- **Free-text object descriptions**
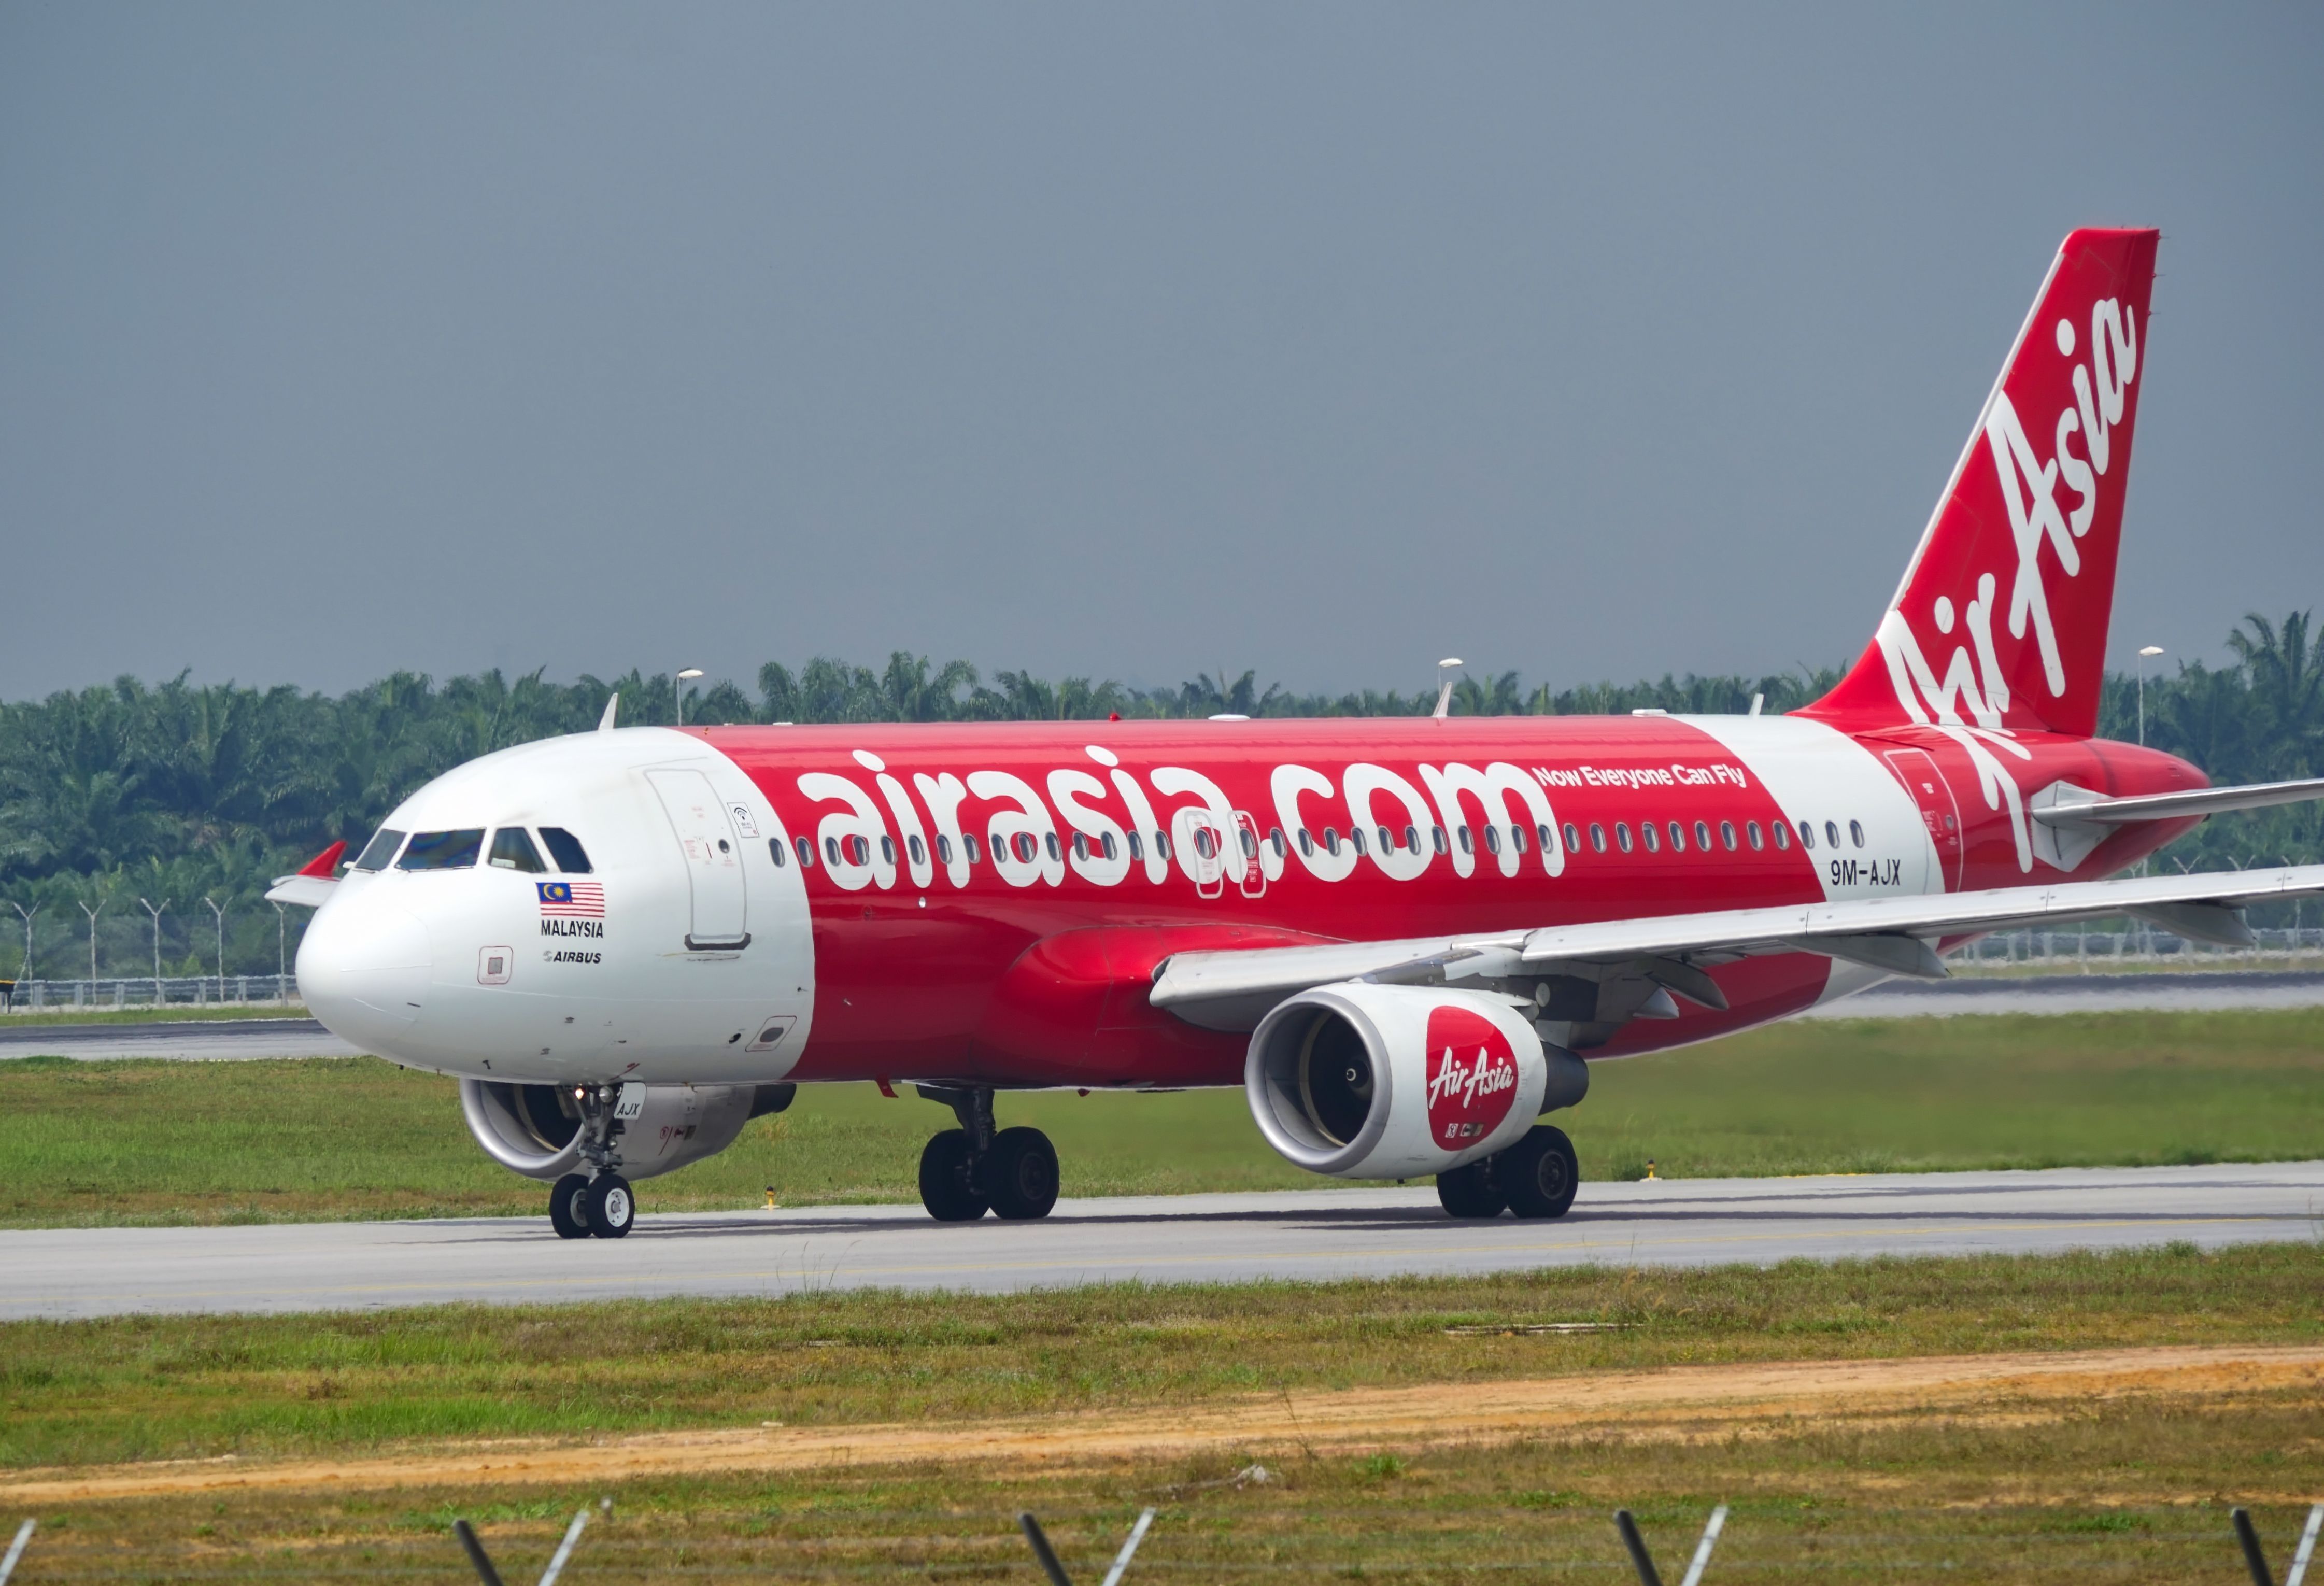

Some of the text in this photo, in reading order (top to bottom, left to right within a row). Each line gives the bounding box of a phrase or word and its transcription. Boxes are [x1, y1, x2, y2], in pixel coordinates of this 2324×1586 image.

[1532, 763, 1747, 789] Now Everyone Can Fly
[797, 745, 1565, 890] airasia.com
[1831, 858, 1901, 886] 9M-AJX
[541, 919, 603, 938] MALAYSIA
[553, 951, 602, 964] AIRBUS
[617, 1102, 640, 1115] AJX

- **Assignment**
None of the pictures should be carried over when the data above is transcribed exactly.

- **Result of the exercise**
Some of the text in this photo, in reading order (top to bottom, left to right within a row). Each line gives the bounding box of a phrase or word and its transcription. Boxes are [x1, y1, x2, y2], in pixel coordinates of this 2324×1586 image.

[1532, 763, 1747, 789] Now Everyone Can Fly
[797, 745, 1565, 890] airasia.com
[1831, 858, 1901, 886] 9M-AJX
[541, 919, 603, 938] MALAYSIA
[553, 951, 602, 964] AIRBUS
[617, 1102, 640, 1115] AJX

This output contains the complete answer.